The Fault, Dear Researchers, is not in Cranfield, But in our Metrics, that they are Unrealistic

As designers of information retrieval (IR) systems, we need some way to measure the performance of our systems. An excellent approach to take is to directly measure actual user performance either in situ or in the laboratory [12]. The downside of live user involvement is the prohibitive cost if many evaluations are required. For example, it is common practice to sweep parameter settings for ranking algorithms in order to optimize retrieval metrics on a test collection. The Cranfield approach to IR evaluation provides low-cost, reusable measures of system performance.

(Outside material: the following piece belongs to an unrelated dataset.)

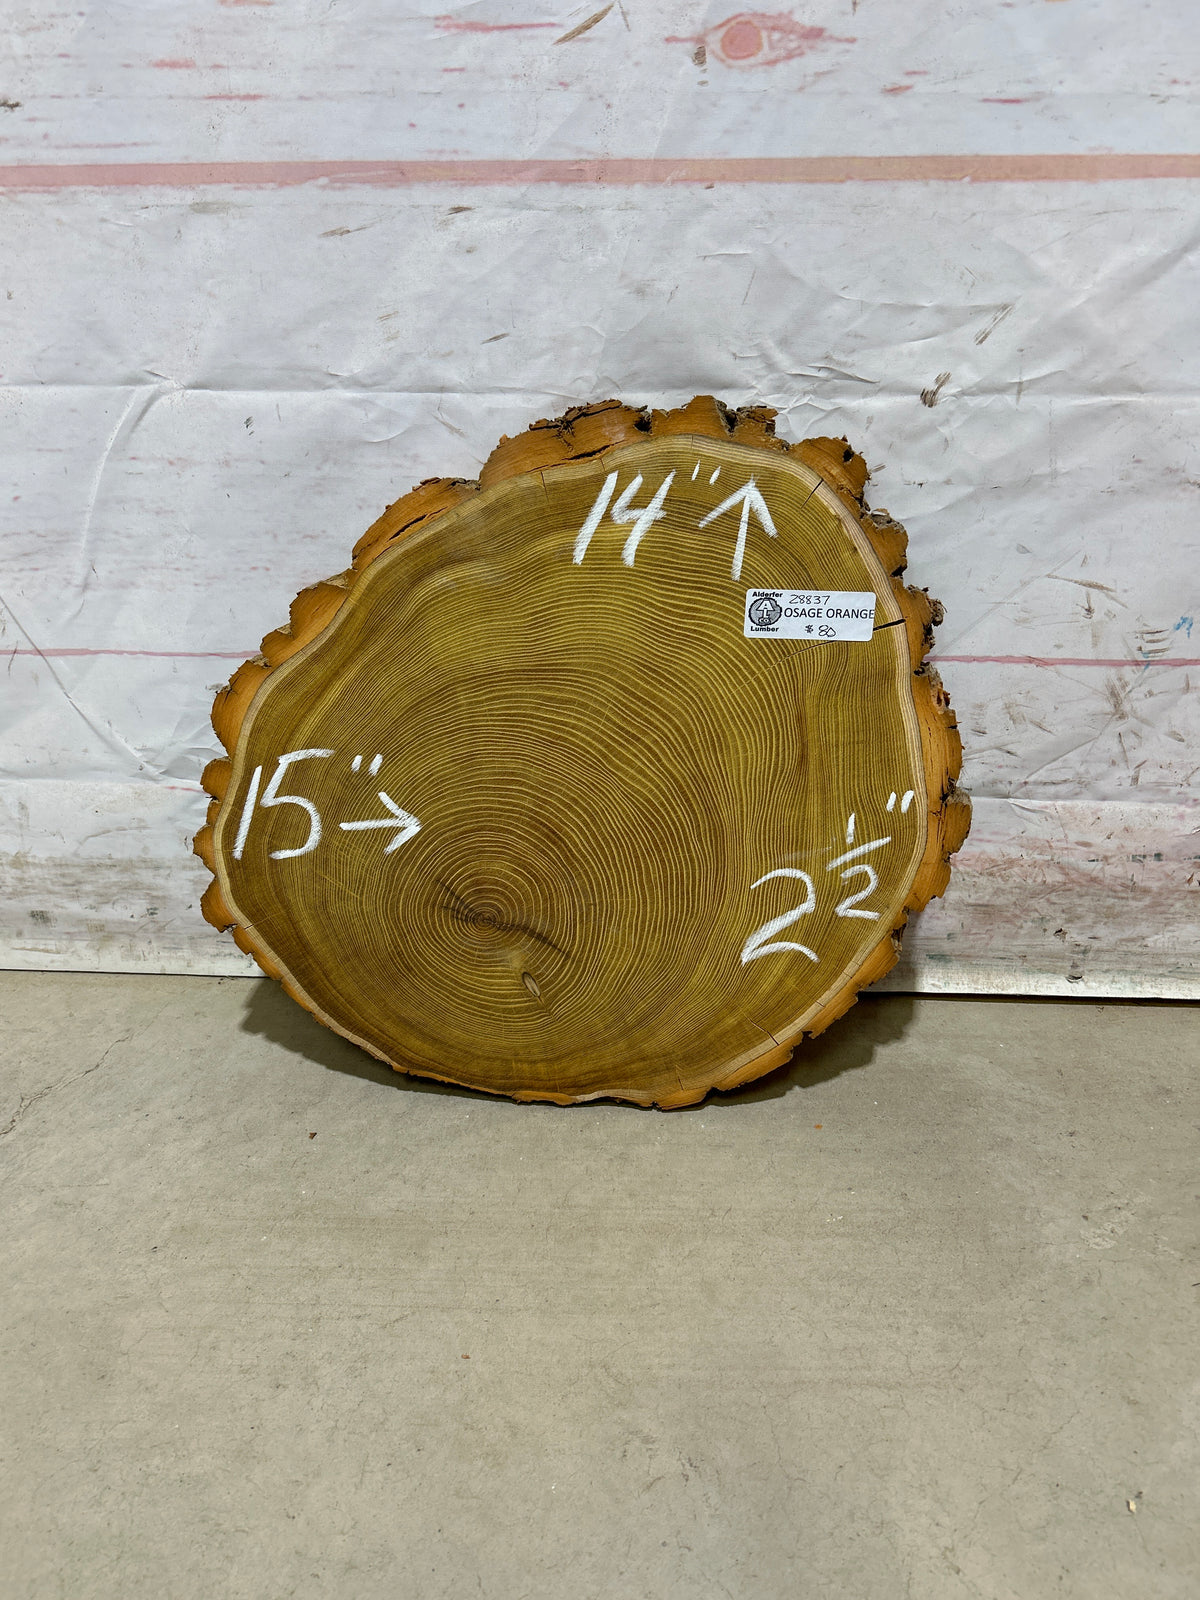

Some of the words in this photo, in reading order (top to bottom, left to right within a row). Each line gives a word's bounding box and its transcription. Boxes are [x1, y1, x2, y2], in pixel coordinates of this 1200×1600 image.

[789, 594, 830, 605] 28837
[784, 608, 823, 618] OSAGE
[826, 609, 875, 619] ORANGE

Cranfield-style evaluation frequently has been criticized as being too divorced from the reality of how users search, but there really is nothing wrong with the approach [18]. The Cranfield approach effectively is a simulation of IR system usage that attempts to make a prediction about the performance of one system vs. another [15]. As such, we should really be thinking of the Cranfield approach as the application of models to make predictions, which is common practice in science and engineering. For example, physics has equations of motion. Civil engineering has models of concrete strength. Epidemiology has models of disease spread. Etc. In all of these fields, it is well understood that the models are simplifications of reality, but that the models provide the ability to make useful predictions. Information retrieval’s predictive models are our evaluation metrics. The criticism of system-oriented IR evaluation should be redirected. The problem is not with Cranfield — which is just another name for making predictions given a model — the problem is with the metrics. We believe that rather than criticizing Cranfield, the correct response is to develop better metrics. We should make metrics that are more predictive of human performance. We should make metrics that incorporate the user interface and realistically represent the variation in user behavior. We should make metrics that encapsulate our best understanding of search behavior. In popular parlance, we should bring solutions, not problems, to the system-oriented IR researcher. To this end, we have developed a new evaluation metric, time-biased gain (TBG), that predicts IR system performance in human terms of the expected number of relevant documents to be found by a user [16].